Piperonyl butoxide, alpha-[2-(2-butoxyethoxy)ethoxy]-4,5-methylenedioxy-2-propyltol uene, is a widely used
pesticide-synergist. Recently, results were reported indicating that
piperonyl butoxide is a hepatocarcinogen in rat. Since the underlying mechanism was not elucidated, we examined the effects on rat liver cells in detail. For this purpose male F344 rats were administered
piperonyl butoxide mixed in the diet at concentrations of 0 (negative control), 0.05, 0.2 or 2% for 2 days, 1, 2, and 4 weeks. As a positive control,
phenobarbital was administered to rats for up to 4 weeks as a 0.1%
solution in the
drinking water. Increased liver weight, centrilobular hepatocellular
hypertrophy due to increased smooth endoplasmic reticulum, decreased numbers and areas of
connexin 32-positive spots per hepatocyte, and increased cell proliferation were observed in rats treated with 0.2 and 2%
piperonyl butoxide. Similar results were obtained for 0.1%
phenobarbital treated rats. Hepatocellular
necrosis suggestive of hepatotoxicity was also observed in the 2%
piperonyl butoxide group.
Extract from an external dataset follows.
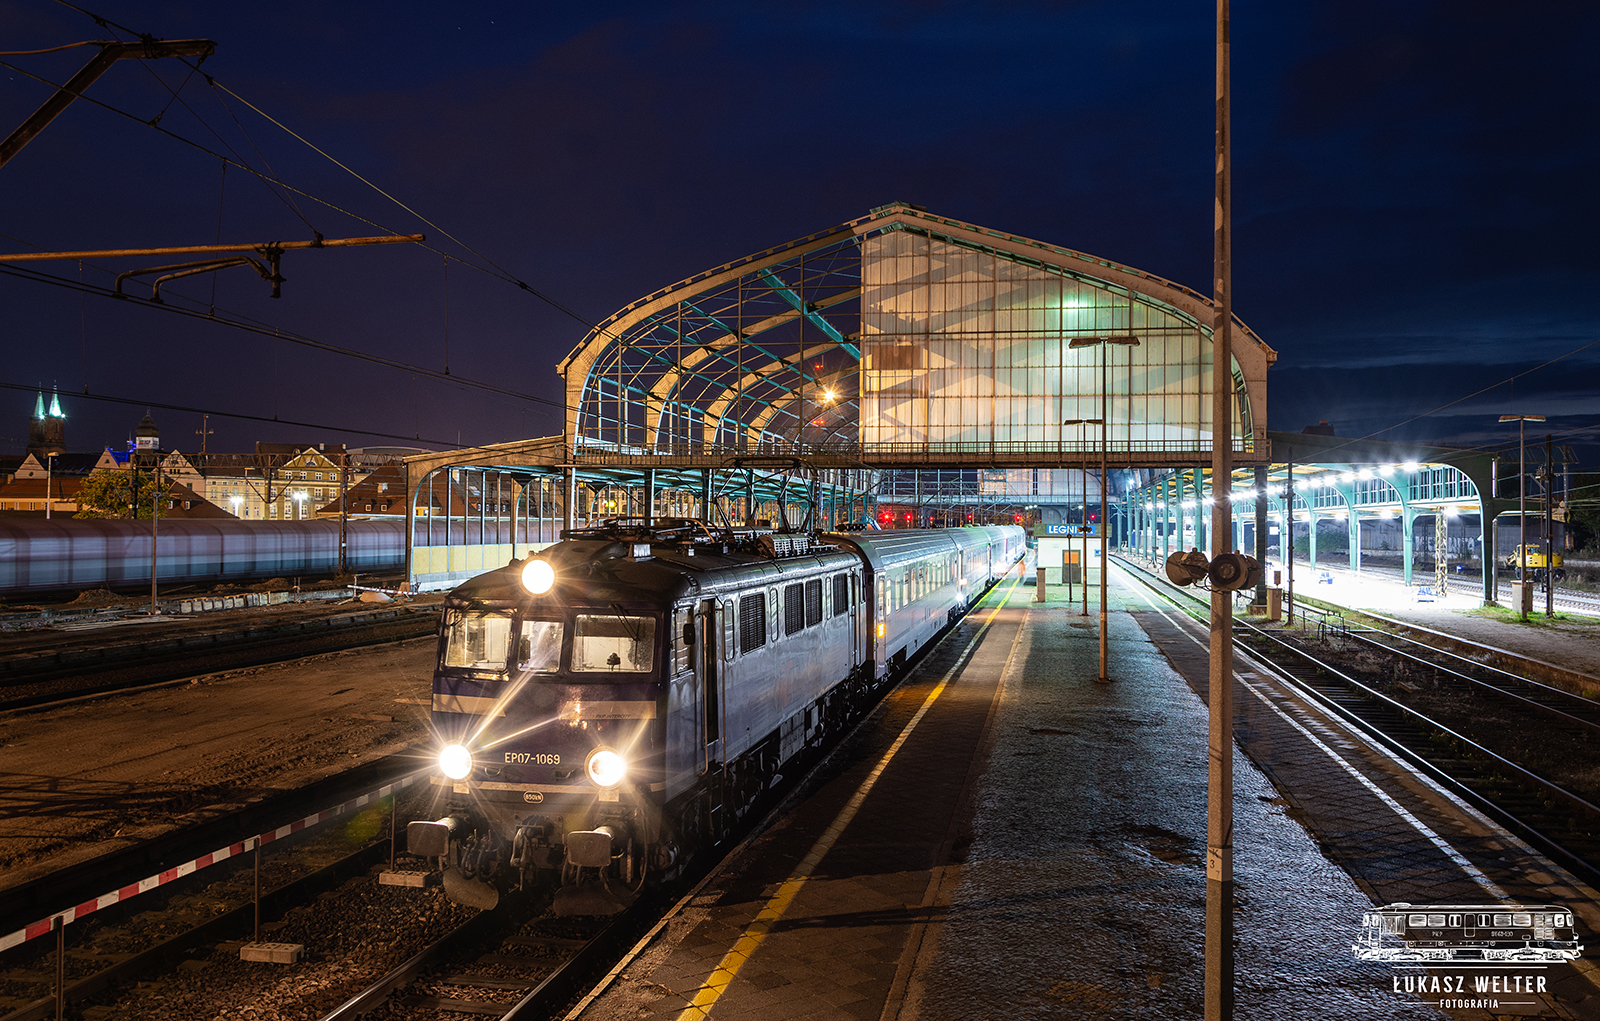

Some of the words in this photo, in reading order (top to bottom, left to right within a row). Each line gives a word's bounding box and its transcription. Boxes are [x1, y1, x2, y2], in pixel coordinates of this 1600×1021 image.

[1048, 525, 1093, 534] LEGNI
[504, 752, 561, 765] EP07-1069
[1210, 859, 1215, 869] 3
These results indicate that the promoting mechanism of
piperonyl butoxide in hepatocarcinogenesis is similar to that of
phenobarbital, involving an ability to induce CYP
isoenzymes and inhibit gap junctional intercellular communication. In addition, increased cell proliferation following hepatocellular
necrosis may also play a role at high doses.